Patients with small and diminutive proximal HPs tend to harbor higher rates of synchronous advanced neoplasia compared with those without any serrated lesions detected on screening colonoscopy. Surveillance outcomes for metachronous advanced neoplasia for patients with small proximal HPs deserves further study. The synchronous advanced neoplasia rate in patients with proximal diminutive HPs is similar to that of proximal diminutive SSPs and could have implications in a resect and discard strategy.
近端小且微小增生性息肉(HP)与同步高级别肿瘤的关联尚未明确。然而,已知即使是无蒂锯齿状息肉(SSP),即使较小,也预示着同步发生肿瘤的风险。目前,美国多学会大肠癌工作组不建议当检测到近端小 HP 时改变监测间隔。我们旨在比较在筛查性结肠镜检查队列中,小的和微小的近端 HP 患者的同步高级别肿瘤的发生率,首先与无锯齿状或近端 HP 的队列进行比较,然后与小的近端 SSP 队列进行比较。

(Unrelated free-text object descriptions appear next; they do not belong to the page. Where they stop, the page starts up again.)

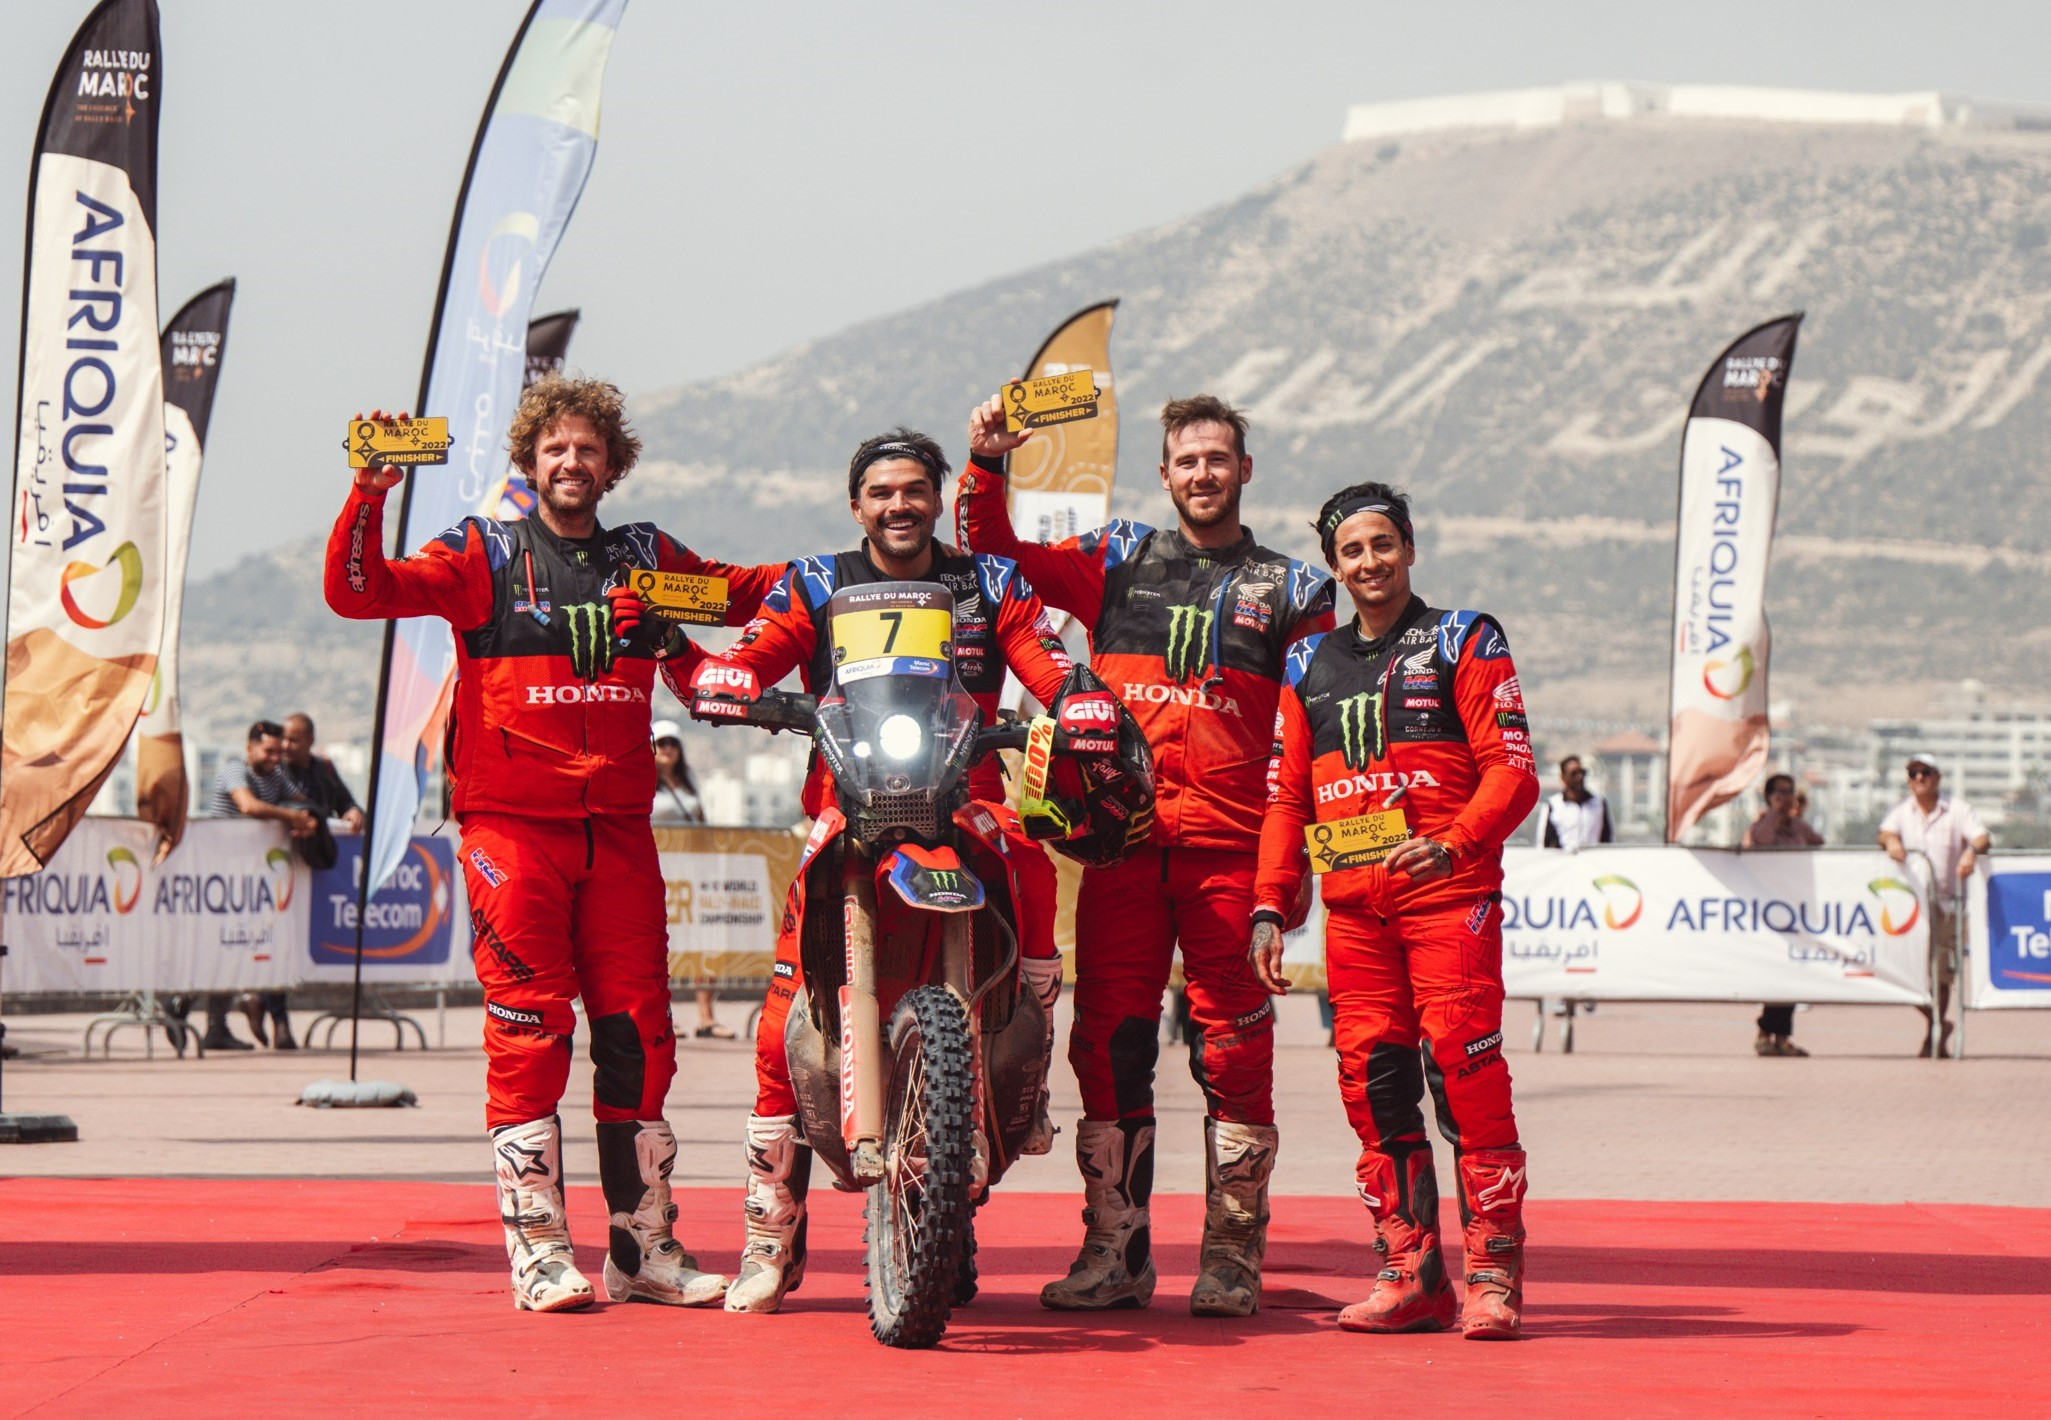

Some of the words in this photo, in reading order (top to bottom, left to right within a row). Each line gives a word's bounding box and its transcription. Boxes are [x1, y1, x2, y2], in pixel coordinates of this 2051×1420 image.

[129, 52, 150, 70] DU
[62, 190, 125, 552] AFRIQUIA
[1033, 377, 1061, 388] RALLYE
[1063, 375, 1075, 383] DU
[1034, 383, 1076, 398] MAROC
[1071, 394, 1094, 404] 2022
[1040, 407, 1086, 423] FINISHER
[383, 428, 429, 438] MAROC
[421, 441, 446, 449] 2022
[386, 453, 435, 463] FINISHER
[346, 503, 370, 593] alpinestars
[1706, 446, 1744, 655] AFRIQUIA
[664, 574, 694, 584] RALLYE
[1263, 570, 1284, 585] BAG
[663, 583, 708, 595] MAROC
[849, 593, 881, 603] RALLYE
[884, 592, 896, 600] DU
[898, 592, 932, 600] MAROC
[700, 601, 725, 610] 2022
[663, 609, 712, 622] FINISHER
[880, 611, 903, 654] 7
[1398, 636, 1417, 645] AIR
[957, 647, 984, 656] MOTUL
[845, 663, 874, 675] AFRIQUIA
[1403, 668, 1439, 676] HONDA
[697, 667, 753, 689] GIVI
[525, 685, 648, 704] HONDA
[1122, 682, 1243, 718] HONDA
[698, 701, 743, 716] MOTUL
[1405, 699, 1439, 708] MOTUL
[1064, 700, 1116, 723] GIVI
[1073, 739, 1114, 751] MOTUL
[1317, 769, 1441, 805] HONDA
[1339, 816, 1370, 828] RALLYE
[1373, 814, 1384, 822] DU
[1341, 822, 1387, 838] MAROC
[1381, 833, 1407, 844] 2022
[1348, 848, 1391, 864] FINISHE
[153, 873, 275, 915] AFRIQUIA
[928, 891, 968, 899] HONDA
[329, 894, 422, 930] Teecom
[1666, 898, 1876, 936] AFRIQUIA
[488, 1003, 541, 1024] HONDA
[842, 1001, 856, 1124] HONDA

连续记录了 2005 年至 2010 年在一家学术医疗中心进行的筛查性结肠镜检查。患者被分为 3 个互斥组。第 1 组由至少有 1 个位于乙状结肠近端、内镜大小<1cm、总数不超过 3 个的 HP 患者组成。第 2 组包括无任何近端 HP 或 SSP 的患者。第 3 组由至少有 1 个位于乙状结肠近端、内镜大小<1cm 且无发育不良的 1 至 2 个 SSP 患者组成。比较小(<1cm)和微小(≤5mm)近端 HP 患者的同步高级别肿瘤发生率与其他 2 组的发生率。

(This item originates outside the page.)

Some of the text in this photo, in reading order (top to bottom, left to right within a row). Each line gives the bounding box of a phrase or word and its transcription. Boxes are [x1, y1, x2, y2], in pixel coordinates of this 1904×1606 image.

在 2569 名患者中,有 482 名(18.8%)符合第 1 组标准的小的近端 HP。小的近端 HP 患者(61/482,12.7%)的同步高级别肿瘤发生率明显高于无锯齿状病变队列(第 2 组,133/1878,7.1%;P<.001)。当根据大小(≤5mm,51/404,12.6% vs 6-9mm,10/78,12.8%;P=1.00)对小的近端 HP 组进行细分时,同步高级别肿瘤的发生率没有显著差异。微小(≤5mm)近端 HP 患者(51/404,12.6%)的同步高级别肿瘤发生率与类似大小的近端 SSP 患者(17/113,15.0%;P=0.529)无显著差异。
与筛查结肠镜检查中未发现任何锯齿状病变的患者相比,小的和微小的近端 HP 患者往往具有更高的同步高级别肿瘤发生率。需要进一步研究小的近端 HP 患者的同步高级别肿瘤的随访结果。小的近端微小 HP 患者的同步高级别肿瘤发生率与小的近端 SSP 相似,这可能对切除和丢弃策略有影响。